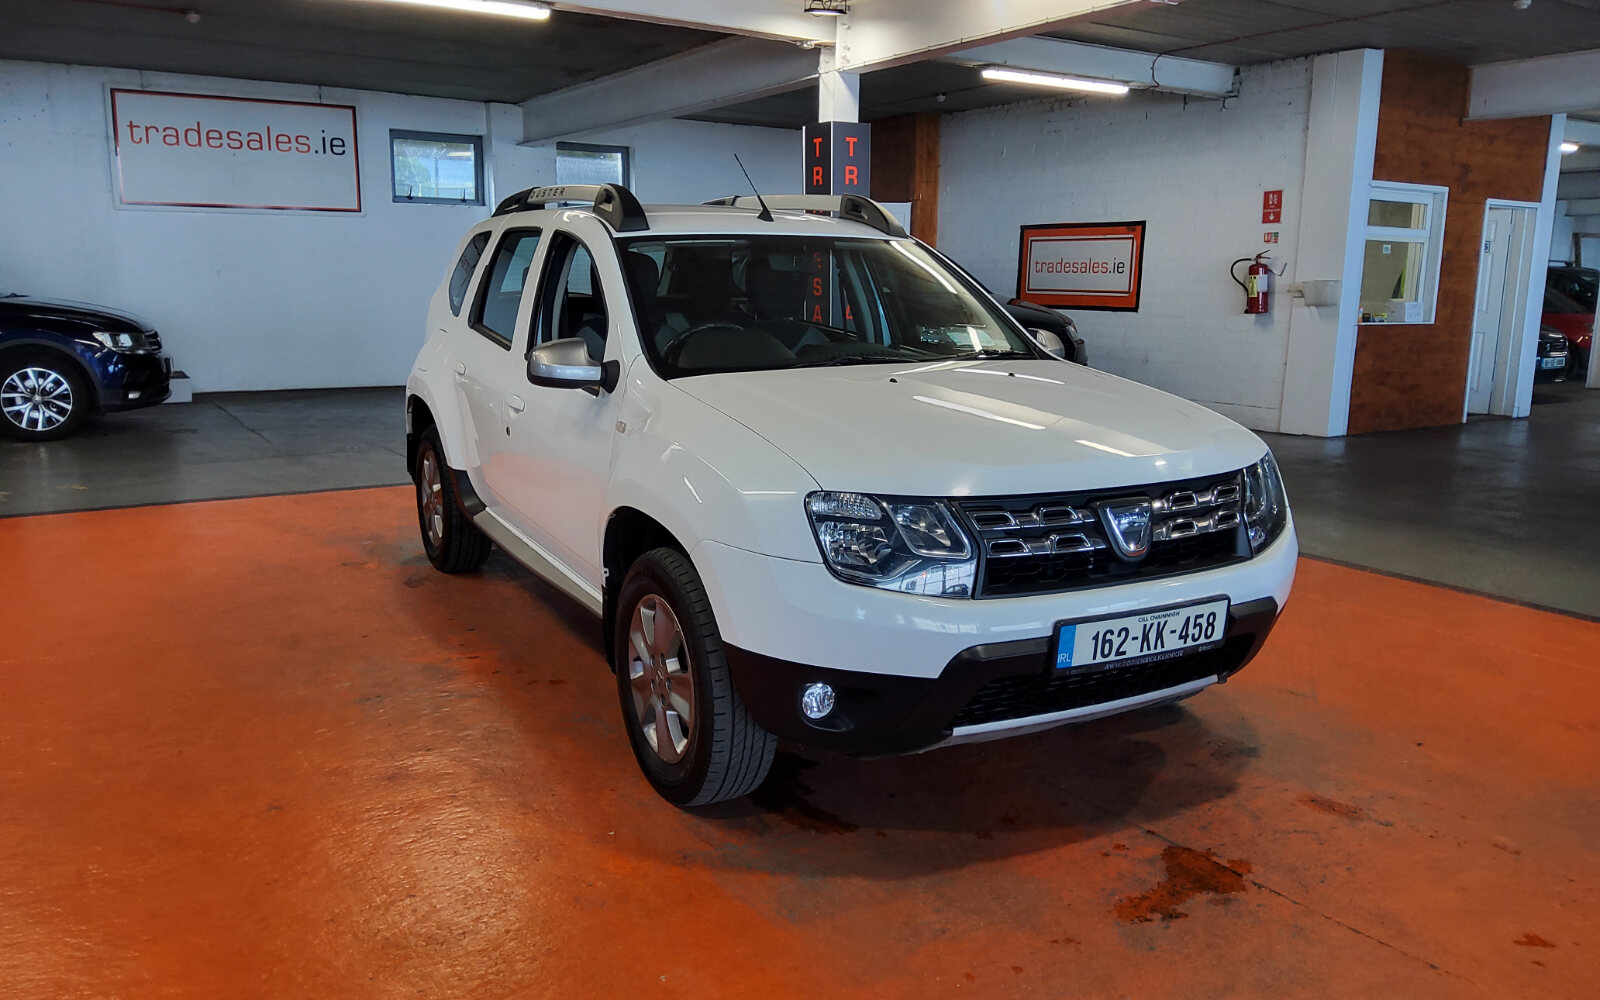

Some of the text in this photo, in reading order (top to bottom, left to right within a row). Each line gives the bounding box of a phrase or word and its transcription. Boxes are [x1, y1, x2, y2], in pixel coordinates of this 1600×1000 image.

[127, 120, 346, 156] tradesales.ie
[530, 187, 566, 199] DUSTER
[1035, 257, 1125, 274] tradesales.ie
[1091, 611, 1217, 661] 162-KK-458
[1057, 652, 1072, 664] IRL

» **WHAT TO PRODUCE**: Repeat each line of the material exactly, and drop any image it carries.

» **EXERCISE SOLUTION**:
Some of the text in this photo, in reading order (top to bottom, left to right within a row). Each line gives the bounding box of a phrase or word and its transcription. Boxes are [x1, y1, x2, y2], in pixel coordinates of this 1600×1000 image.

[127, 120, 346, 156] tradesales.ie
[530, 187, 566, 199] DUSTER
[1035, 257, 1125, 274] tradesales.ie
[1091, 611, 1217, 661] 162-KK-458
[1057, 652, 1072, 664] IRL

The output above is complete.